[Dataset entries]
________________

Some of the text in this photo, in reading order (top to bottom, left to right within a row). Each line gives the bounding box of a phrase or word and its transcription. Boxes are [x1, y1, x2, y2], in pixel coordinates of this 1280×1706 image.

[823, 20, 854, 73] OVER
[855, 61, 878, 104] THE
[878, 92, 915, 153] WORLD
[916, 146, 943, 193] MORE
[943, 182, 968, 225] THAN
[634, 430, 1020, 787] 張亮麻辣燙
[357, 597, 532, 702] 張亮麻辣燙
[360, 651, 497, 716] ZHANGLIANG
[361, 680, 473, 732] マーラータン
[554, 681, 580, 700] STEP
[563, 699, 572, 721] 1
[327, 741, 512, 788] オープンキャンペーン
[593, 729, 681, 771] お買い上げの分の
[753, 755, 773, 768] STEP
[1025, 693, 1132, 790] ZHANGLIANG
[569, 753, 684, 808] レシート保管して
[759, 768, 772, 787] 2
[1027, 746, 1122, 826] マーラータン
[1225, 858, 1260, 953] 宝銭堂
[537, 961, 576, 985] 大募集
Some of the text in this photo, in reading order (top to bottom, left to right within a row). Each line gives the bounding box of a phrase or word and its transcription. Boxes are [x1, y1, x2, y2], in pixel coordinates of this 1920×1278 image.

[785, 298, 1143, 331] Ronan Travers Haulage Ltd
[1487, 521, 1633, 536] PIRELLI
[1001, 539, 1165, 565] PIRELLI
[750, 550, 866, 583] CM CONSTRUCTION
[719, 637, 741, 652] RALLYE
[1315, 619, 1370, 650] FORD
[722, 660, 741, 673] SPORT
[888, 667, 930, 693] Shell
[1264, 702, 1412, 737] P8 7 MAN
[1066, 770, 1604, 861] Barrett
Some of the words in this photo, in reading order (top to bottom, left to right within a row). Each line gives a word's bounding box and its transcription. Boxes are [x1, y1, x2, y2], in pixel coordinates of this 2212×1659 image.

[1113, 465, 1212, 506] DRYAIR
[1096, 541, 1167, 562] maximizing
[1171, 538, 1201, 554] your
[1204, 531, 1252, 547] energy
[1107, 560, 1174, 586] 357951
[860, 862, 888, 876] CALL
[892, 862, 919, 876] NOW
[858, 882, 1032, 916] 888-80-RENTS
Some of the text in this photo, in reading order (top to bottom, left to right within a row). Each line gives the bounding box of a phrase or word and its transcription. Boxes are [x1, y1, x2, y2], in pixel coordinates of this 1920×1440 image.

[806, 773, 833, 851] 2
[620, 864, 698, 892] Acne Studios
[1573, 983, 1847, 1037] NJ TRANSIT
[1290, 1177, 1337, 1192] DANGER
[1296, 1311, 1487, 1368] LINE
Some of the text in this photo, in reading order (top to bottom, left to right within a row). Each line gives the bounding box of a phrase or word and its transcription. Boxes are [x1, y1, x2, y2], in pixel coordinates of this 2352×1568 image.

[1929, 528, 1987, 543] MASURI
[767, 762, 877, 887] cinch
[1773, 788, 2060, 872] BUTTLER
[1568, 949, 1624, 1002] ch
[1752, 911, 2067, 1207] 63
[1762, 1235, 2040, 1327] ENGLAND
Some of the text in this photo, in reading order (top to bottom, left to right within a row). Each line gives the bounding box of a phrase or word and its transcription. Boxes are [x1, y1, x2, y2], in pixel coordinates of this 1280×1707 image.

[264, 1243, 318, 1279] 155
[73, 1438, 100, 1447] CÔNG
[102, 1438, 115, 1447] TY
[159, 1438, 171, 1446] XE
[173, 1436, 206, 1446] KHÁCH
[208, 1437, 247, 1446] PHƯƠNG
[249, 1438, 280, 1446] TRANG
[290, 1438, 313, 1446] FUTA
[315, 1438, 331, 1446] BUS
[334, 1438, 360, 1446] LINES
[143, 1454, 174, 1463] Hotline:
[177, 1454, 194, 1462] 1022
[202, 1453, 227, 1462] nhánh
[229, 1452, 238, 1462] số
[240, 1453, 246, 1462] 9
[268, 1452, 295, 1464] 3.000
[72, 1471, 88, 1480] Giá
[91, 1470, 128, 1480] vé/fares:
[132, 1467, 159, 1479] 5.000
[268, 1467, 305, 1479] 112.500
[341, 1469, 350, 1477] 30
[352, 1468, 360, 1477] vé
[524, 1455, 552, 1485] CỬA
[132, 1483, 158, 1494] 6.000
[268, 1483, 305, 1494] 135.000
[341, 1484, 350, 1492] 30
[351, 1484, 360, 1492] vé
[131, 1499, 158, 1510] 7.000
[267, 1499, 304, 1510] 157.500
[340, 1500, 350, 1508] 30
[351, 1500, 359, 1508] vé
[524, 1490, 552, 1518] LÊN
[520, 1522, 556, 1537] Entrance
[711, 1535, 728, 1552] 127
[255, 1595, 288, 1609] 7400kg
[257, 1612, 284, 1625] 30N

________________

Full transcription, please: every entry, exactly as written.

Your solution.
Some of the text in this photo, in reading order (top to bottom, left to right within a row). Each line gives the bounding box of a phrase or word and its transcription. Boxes are [x1, y1, x2, y2], in pixel coordinates of this 1280×1706 image.

[823, 20, 854, 73] OVER
[855, 61, 878, 104] THE
[878, 92, 915, 153] WORLD
[916, 146, 943, 193] MORE
[943, 182, 968, 225] THAN
[634, 430, 1020, 787] 張亮麻辣燙
[357, 597, 532, 702] 張亮麻辣燙
[360, 651, 497, 716] ZHANGLIANG
[361, 680, 473, 732] マーラータン
[554, 681, 580, 700] STEP
[563, 699, 572, 721] 1
[327, 741, 512, 788] オープンキャンペーン
[593, 729, 681, 771] お買い上げの分の
[753, 755, 773, 768] STEP
[1025, 693, 1132, 790] ZHANGLIANG
[569, 753, 684, 808] レシート保管して
[759, 768, 772, 787] 2
[1027, 746, 1122, 826] マーラータン
[1225, 858, 1260, 953] 宝銭堂
[537, 961, 576, 985] 大募集
Some of the text in this photo, in reading order (top to bottom, left to right within a row). Each line gives the bounding box of a phrase or word and its transcription. Boxes are [x1, y1, x2, y2], in pixel coordinates of this 1920×1278 image.

[785, 298, 1143, 331] Ronan Travers Haulage Ltd
[1487, 521, 1633, 536] PIRELLI
[1001, 539, 1165, 565] PIRELLI
[750, 550, 866, 583] CM CONSTRUCTION
[719, 637, 741, 652] RALLYE
[1315, 619, 1370, 650] FORD
[722, 660, 741, 673] SPORT
[888, 667, 930, 693] Shell
[1264, 702, 1412, 737] P8 7 MAN
[1066, 770, 1604, 861] Barrett
Some of the words in this photo, in reading order (top to bottom, left to right within a row). Each line gives a word's bounding box and its transcription. Boxes are [x1, y1, x2, y2], in pixel coordinates of this 2212×1659 image.

[1113, 465, 1212, 506] DRYAIR
[1096, 541, 1167, 562] maximizing
[1171, 538, 1201, 554] your
[1204, 531, 1252, 547] energy
[1107, 560, 1174, 586] 357951
[860, 862, 888, 876] CALL
[892, 862, 919, 876] NOW
[858, 882, 1032, 916] 888-80-RENTS
Some of the text in this photo, in reading order (top to bottom, left to right within a row). Each line gives the bounding box of a phrase or word and its transcription. Boxes are [x1, y1, x2, y2], in pixel coordinates of this 1920×1440 image.

[806, 773, 833, 851] 2
[620, 864, 698, 892] Acne Studios
[1573, 983, 1847, 1037] NJ TRANSIT
[1290, 1177, 1337, 1192] DANGER
[1296, 1311, 1487, 1368] LINE
Some of the text in this photo, in reading order (top to bottom, left to right within a row). Each line gives the bounding box of a phrase or word and its transcription. Boxes are [x1, y1, x2, y2], in pixel coordinates of this 2352×1568 image.

[1929, 528, 1987, 543] MASURI
[767, 762, 877, 887] cinch
[1773, 788, 2060, 872] BUTTLER
[1568, 949, 1624, 1002] ch
[1752, 911, 2067, 1207] 63
[1762, 1235, 2040, 1327] ENGLAND
Some of the text in this photo, in reading order (top to bottom, left to right within a row). Each line gives the bounding box of a phrase or word and its transcription. Boxes are [x1, y1, x2, y2], in pixel coordinates of this 1280×1707 image.

[264, 1243, 318, 1279] 155
[73, 1438, 100, 1447] CÔNG
[102, 1438, 115, 1447] TY
[159, 1438, 171, 1446] XE
[173, 1436, 206, 1446] KHÁCH
[208, 1437, 247, 1446] PHƯƠNG
[249, 1438, 280, 1446] TRANG
[290, 1438, 313, 1446] FUTA
[315, 1438, 331, 1446] BUS
[334, 1438, 360, 1446] LINES
[143, 1454, 174, 1463] Hotline:
[177, 1454, 194, 1462] 1022
[202, 1453, 227, 1462] nhánh
[229, 1452, 238, 1462] số
[240, 1453, 246, 1462] 9
[268, 1452, 295, 1464] 3.000
[72, 1471, 88, 1480] Giá
[91, 1470, 128, 1480] vé/fares:
[132, 1467, 159, 1479] 5.000
[268, 1467, 305, 1479] 112.500
[341, 1469, 350, 1477] 30
[352, 1468, 360, 1477] vé
[524, 1455, 552, 1485] CỬA
[132, 1483, 158, 1494] 6.000
[268, 1483, 305, 1494] 135.000
[341, 1484, 350, 1492] 30
[351, 1484, 360, 1492] vé
[131, 1499, 158, 1510] 7.000
[267, 1499, 304, 1510] 157.500
[340, 1500, 350, 1508] 30
[351, 1500, 359, 1508] vé
[524, 1490, 552, 1518] LÊN
[520, 1522, 556, 1537] Entrance
[711, 1535, 728, 1552] 127
[255, 1595, 288, 1609] 7400kg
[257, 1612, 284, 1625] 30N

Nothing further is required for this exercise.